Then we turned to chemistry.  Creating fertilizers.  And pesticides.  These two advancements alone exploded crop yields.  Never before did so few grow so much with so little.  We maximized the agricultural potential of land year after year.  And then we mechanized the farm.  Introducing the tractor.  Allowing the same number of farmers to cultivate more land.  So not only did their existing lands yield more they added more high-yield lands to explode yields.  Creating huge food surpluses available for export.  And slashing the price of food across the board.  From the bread we make from wheat.  To corn-fed beef.  Food is so plentiful and inexpensive today that the problem in America is not famine but obesity.  Obesity is bad but it takes a lot longer to die from obesity than it does from famine.  And we enjoy all of those delicious things that are making us so fat.  While there’s nothing to enjoy when starving to death.

We were able to Raise Crop Yields to such High Levels we have Food Available for Everyone in this World

As crop yields increased more food entered the market.  Good for people.  But bad for farmers.  Because they depressed crop prices.  Large farms that cultivated more land could still make a profit.  But the small farmer who didn’t cultivate more land just saw his revenue fall.  Until his revenue fell below his costs.  Leaving him unable to service the debt he incurred to mechanize his farm.  Causing bankruptcy.  Which happened a lot in the Thirties.  Causing all those bank runs during the Great Depression.

To fight this free fall in crop prices countries enacted tariffs and import restrictions.  The British Corn Laws kept out the less expensive foreign food so the landowning aristocracy could maximize their profits.  And when the British repealed the Corn Laws and adopted free trade everything the landowning aristocracy feared happen.  Food became inexpensive and plentiful.  In large part because of the United States.  Who was maximizing their crop yields.  And then using the railroad to ship their surpluses to the great rivers.  The Ohio.  The Missouri.  The Mississippi.  Where they loaded these surpluses onto steamships.  Where it traveled down the Mississippi to the Port of New Orleans.  Where they transferred it to ocean-going sail ships and steamers.  Bound for Europe.  And Britain.  Where this food fed hungry people.  And cut into the profits of the wealthy landowners.

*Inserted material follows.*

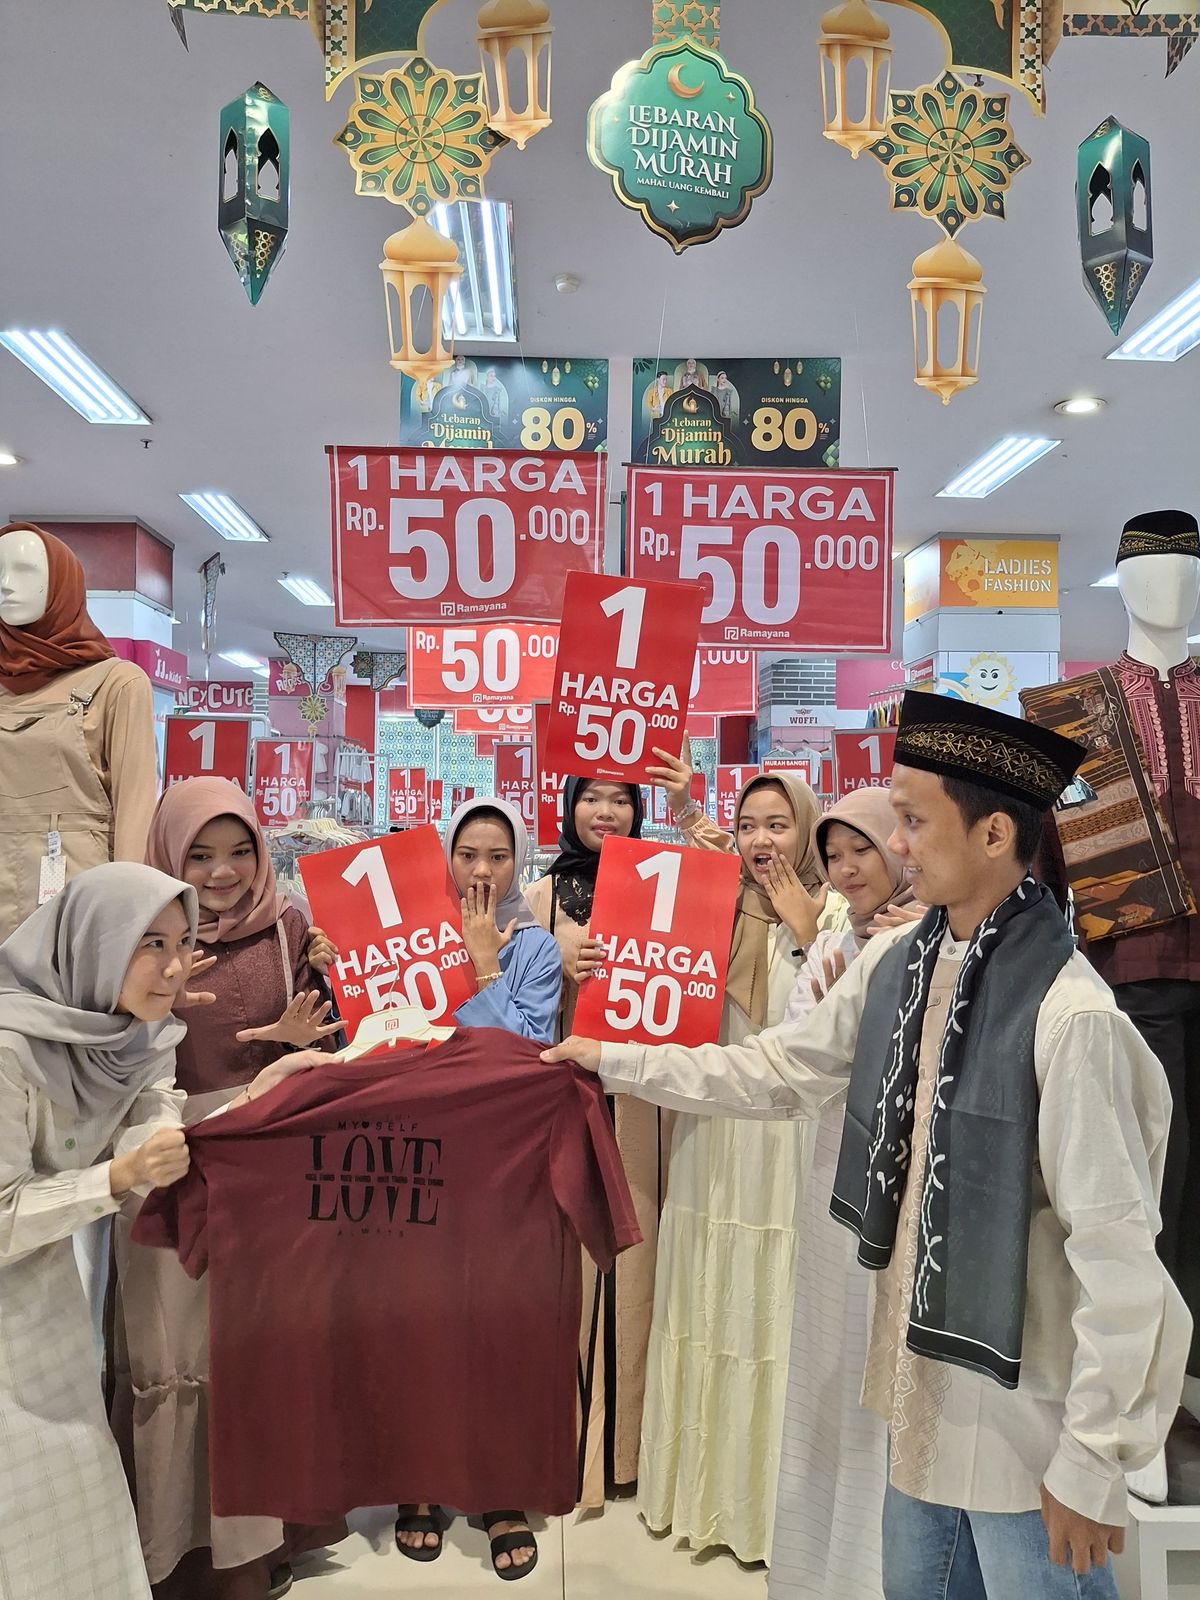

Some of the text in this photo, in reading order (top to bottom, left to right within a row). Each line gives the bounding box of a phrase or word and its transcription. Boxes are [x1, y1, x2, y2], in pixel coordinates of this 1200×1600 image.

But it wasn’t only in the United States.  Soon other great agricultural countries produced food surpluses that they shipped all over the world.  Winters still happen.  Droughts still happen.  But they don’t happen everywhere at the same time.  And because we were able to raise crop yields to such high levels we have food available for everyone in the world.  And truck, rail and ships can move that food anywhere it is needed.  Which is why we can drive to our favorite greasy diner or fast food restaurant during a blizzard on the coldest day of winter and enjoy a fresh glass of orange juice, coffee, eggs, hash browns and sausage.  No matter where you live.  As long as you live in a country that supports free trade.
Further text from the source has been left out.